# At My Witts End..............



## stonedeaf (Dec 3, 2008)

I won this Wittnauer on the Bay last month and it was shipped to me from the States on the 25th. So far so good. :yes:

Since then I have won a couple of other small items also from the Staets and they duly arrived - but not the Wittnauer. Emails to the seller confirmed it was shipped OK but was not trackable  Further checks failed to progress matters and the seller was on the verge of starting the paperwork for an Insurance Claim and I was beginning to fear I'd never see it :sadwalk:

Today however I got back from a bike ride to discover it had arrived :clap: :clap: Oh Ye of Little Faith...................

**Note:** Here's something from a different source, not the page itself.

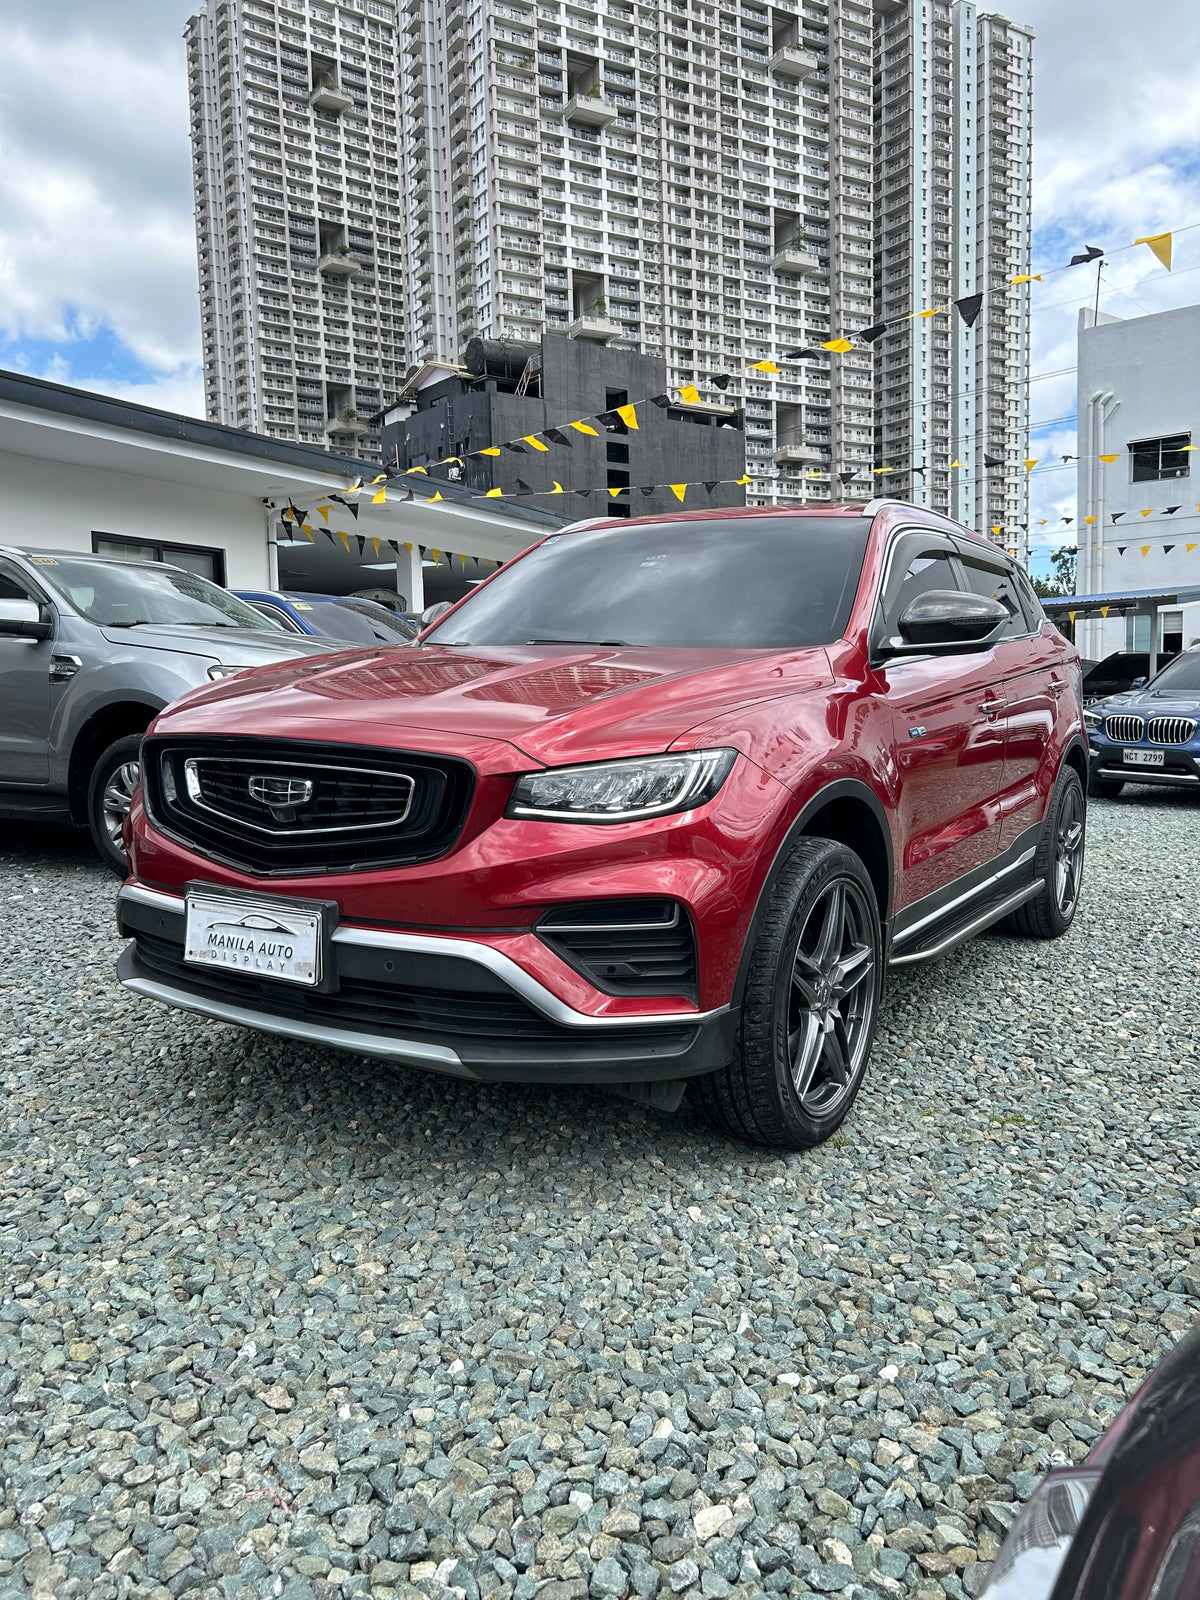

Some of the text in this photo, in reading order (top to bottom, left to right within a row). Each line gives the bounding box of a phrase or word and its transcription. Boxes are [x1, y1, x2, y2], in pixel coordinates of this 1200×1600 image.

[1124, 752, 1163, 762] NCT 2799
[207, 933, 294, 959] MANILA AUTO
[211, 949, 286, 972] DISPLAY

Just check out those hands :drool: I could not remove the crystal as my Lifter could not grip the rapidly sloping sides.










The case is not exactly Pristine I admit - but salvagable I hope










People have given it a real hard time removing the back at various times during its life










But I managed it quite easily with my 3 ft crowbar! 










The case really does look filthy but the movement appears OK and whilst it was described as a non runner I hope it can be sorted without too much hassle.

Soon it will be winging its way to "Electro Watch Nirvana Health Spa" on the south coast for a bit of TLC and restorative recuperation.

I was probably too concerned about the time it took to arrive - having been spoilt by all of my earlier purchases arriving within days of posting. I dare say the Postal Strike here didn't help matters either.

I'm very chuffed with it and can't wait to get it working and back to something nearer it's original condition.

Will post some "after" snaps in due course :cheers:


----------



## Silver Hawk (Dec 2, 2003)

Nice one Barry! :thumbsup:

The dial and hands look very good underneath that poor crystal...you can still buy NOS hands on eBay but the dials often show spotting and patina, but yours looks very clean.

I wouldn't worry too much about the case







. BTW: they are also available NOS on the bay.

The movements are very robust and you have the correct hatched crown.


----------



## jasonm (Nov 22, 2003)

Luuurve the look of these.......

Find me a 42mm case to put that dial and hands in and Ill buy one :bag:


----------



## martinus_scriblerus (Sep 29, 2008)

Good luck with the restoration. I have a large collection of parts at the Brighton Watch Hospital if you need anything for it.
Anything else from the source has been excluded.